Your instructions –
An acceptable answer contains every record below, unchanged, and no pictures.

——

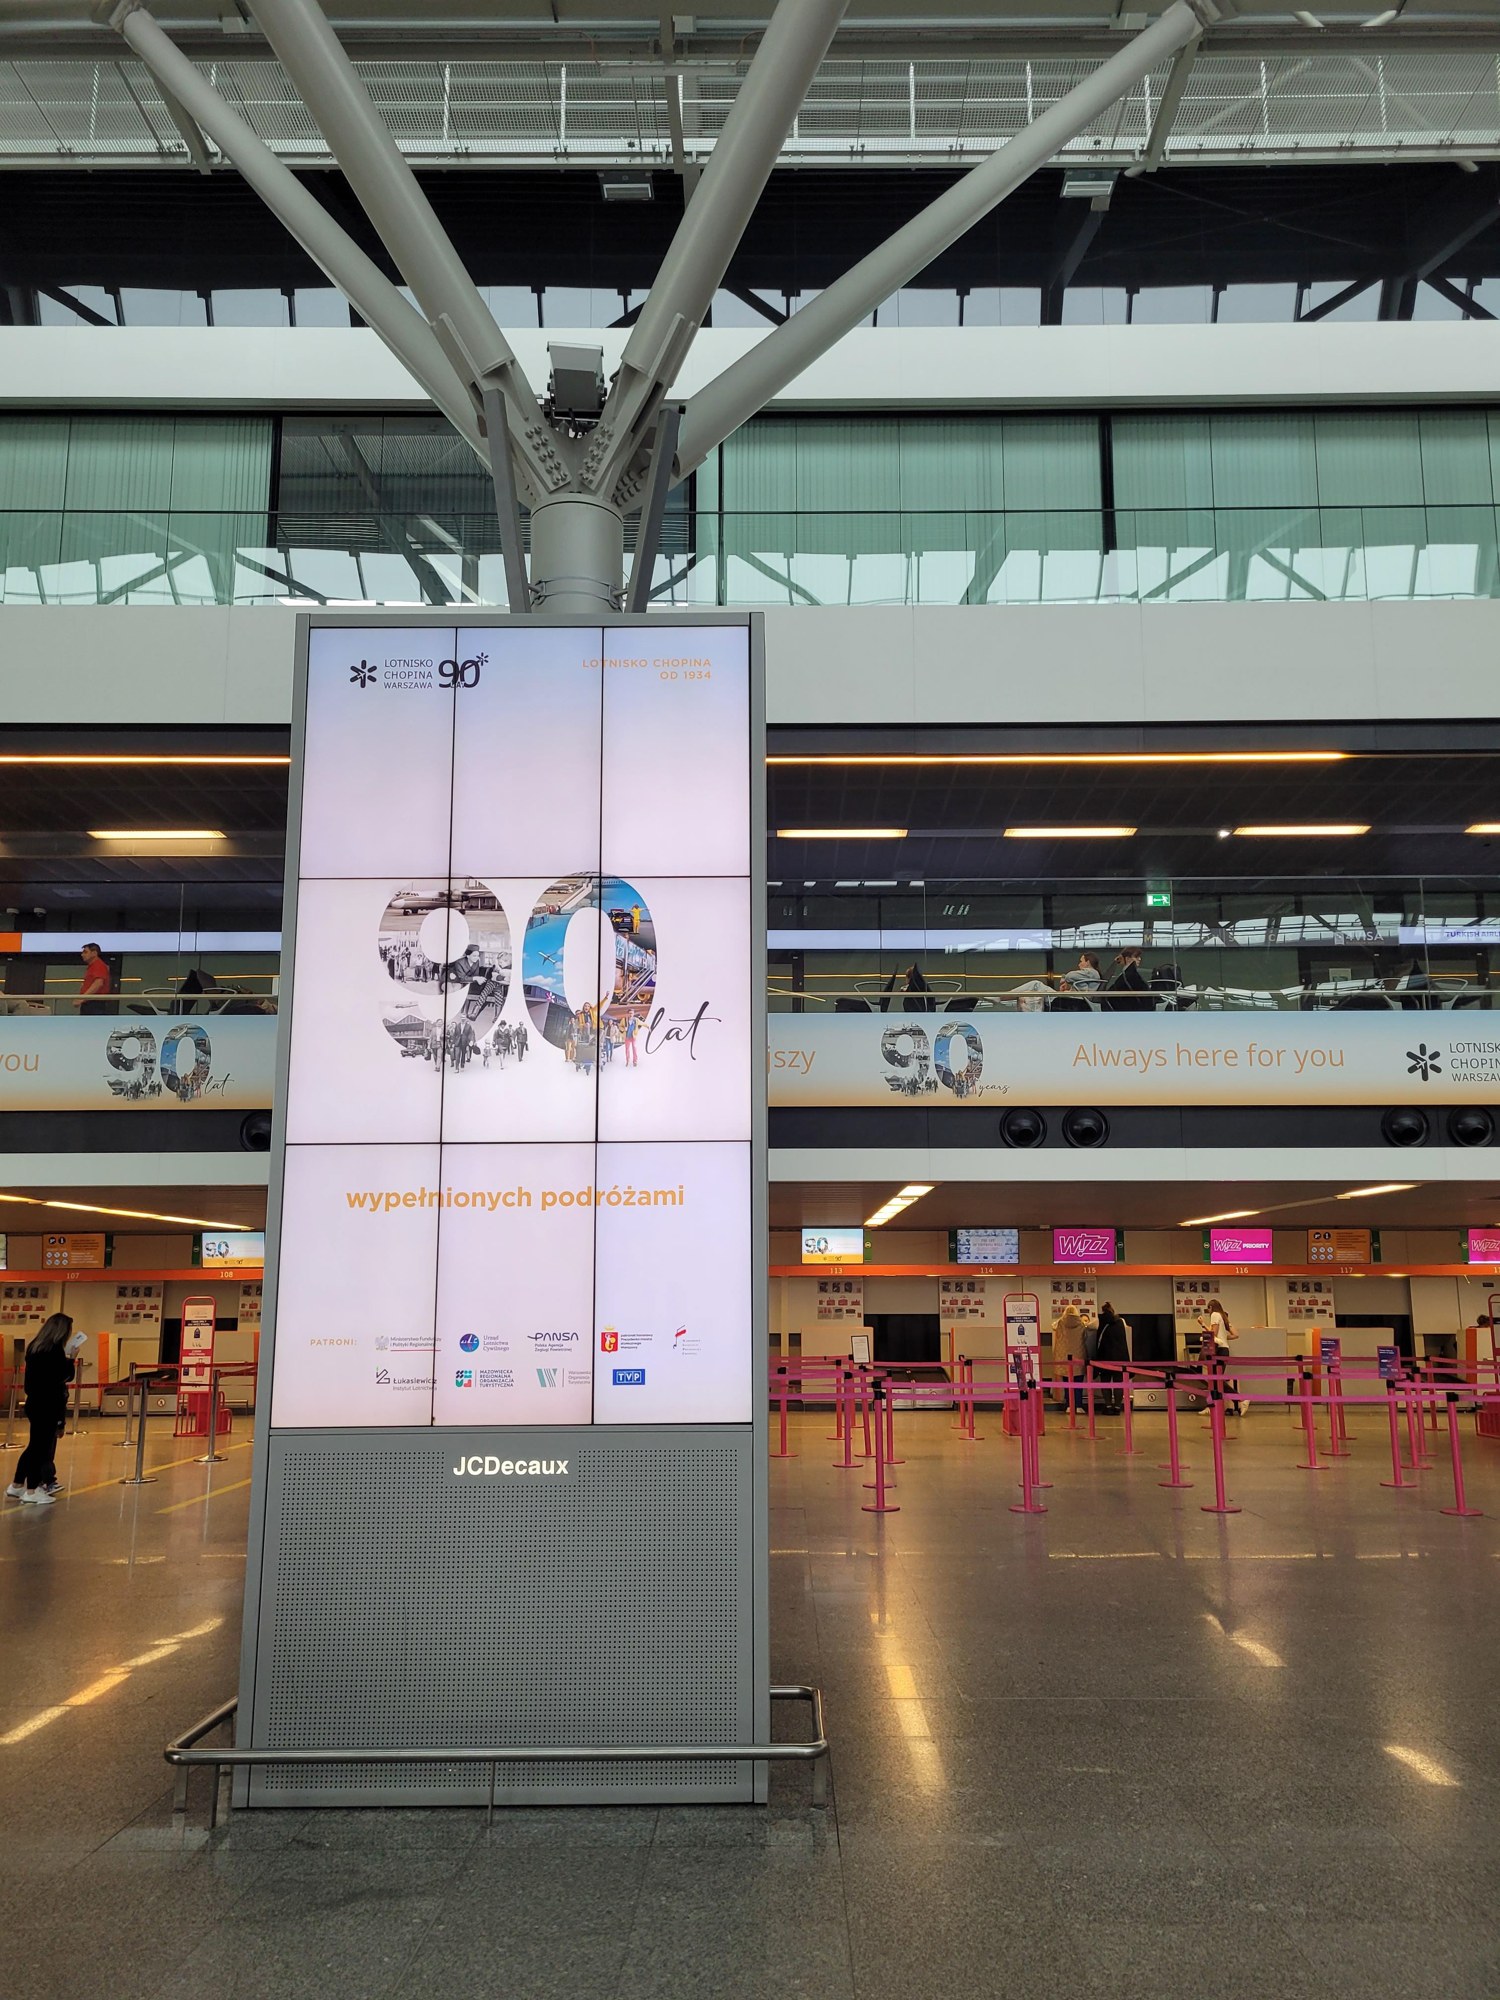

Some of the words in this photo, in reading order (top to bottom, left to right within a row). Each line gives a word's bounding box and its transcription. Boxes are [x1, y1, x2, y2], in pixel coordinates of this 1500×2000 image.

[384, 659, 434, 668] LOTNISKO
[582, 659, 648, 668] LOTNISKO
[653, 658, 712, 668] CHOPINA
[384, 671, 433, 680] CHOPINA
[660, 671, 678, 680] OD
[684, 671, 711, 680] 1934
[378, 870, 660, 1076] 90
[644, 1000, 722, 1061] lat
[103, 1023, 212, 1102] 90
[204, 1073, 235, 1097] lat
[880, 1021, 984, 1099] 90
[1073, 1044, 1168, 1074] Always
[1176, 1043, 1239, 1067] here
[1247, 1043, 1286, 1067] for
[1293, 1050, 1344, 1074] you
[347, 1187, 532, 1212] wypełnionych
[541, 1185, 685, 1210] podróżami
[830, 1267, 843, 1275] 113
[1235, 1267, 1249, 1275] 116
[310, 1338, 358, 1346] PATRONI:
[527, 1332, 579, 1342] PANSA
[618, 1373, 640, 1382] TVP
[453, 1456, 569, 1476] JCDecaux

——

Response area –
Some of the words in this photo, in reading order (top to bottom, left to right within a row). Each line gives a word's bounding box and its transcription. Boxes are [x1, y1, x2, y2], in pixel coordinates of this 1500×2000 image.

[384, 659, 434, 668] LOTNISKO
[582, 659, 648, 668] LOTNISKO
[653, 658, 712, 668] CHOPINA
[384, 671, 433, 680] CHOPINA
[660, 671, 678, 680] OD
[684, 671, 711, 680] 1934
[378, 870, 660, 1076] 90
[644, 1000, 722, 1061] lat
[103, 1023, 212, 1102] 90
[204, 1073, 235, 1097] lat
[880, 1021, 984, 1099] 90
[1073, 1044, 1168, 1074] Always
[1176, 1043, 1239, 1067] here
[1247, 1043, 1286, 1067] for
[1293, 1050, 1344, 1074] you
[347, 1187, 532, 1212] wypełnionych
[541, 1185, 685, 1210] podróżami
[830, 1267, 843, 1275] 113
[1235, 1267, 1249, 1275] 116
[310, 1338, 358, 1346] PATRONI:
[527, 1332, 579, 1342] PANSA
[618, 1373, 640, 1382] TVP
[453, 1456, 569, 1476] JCDecaux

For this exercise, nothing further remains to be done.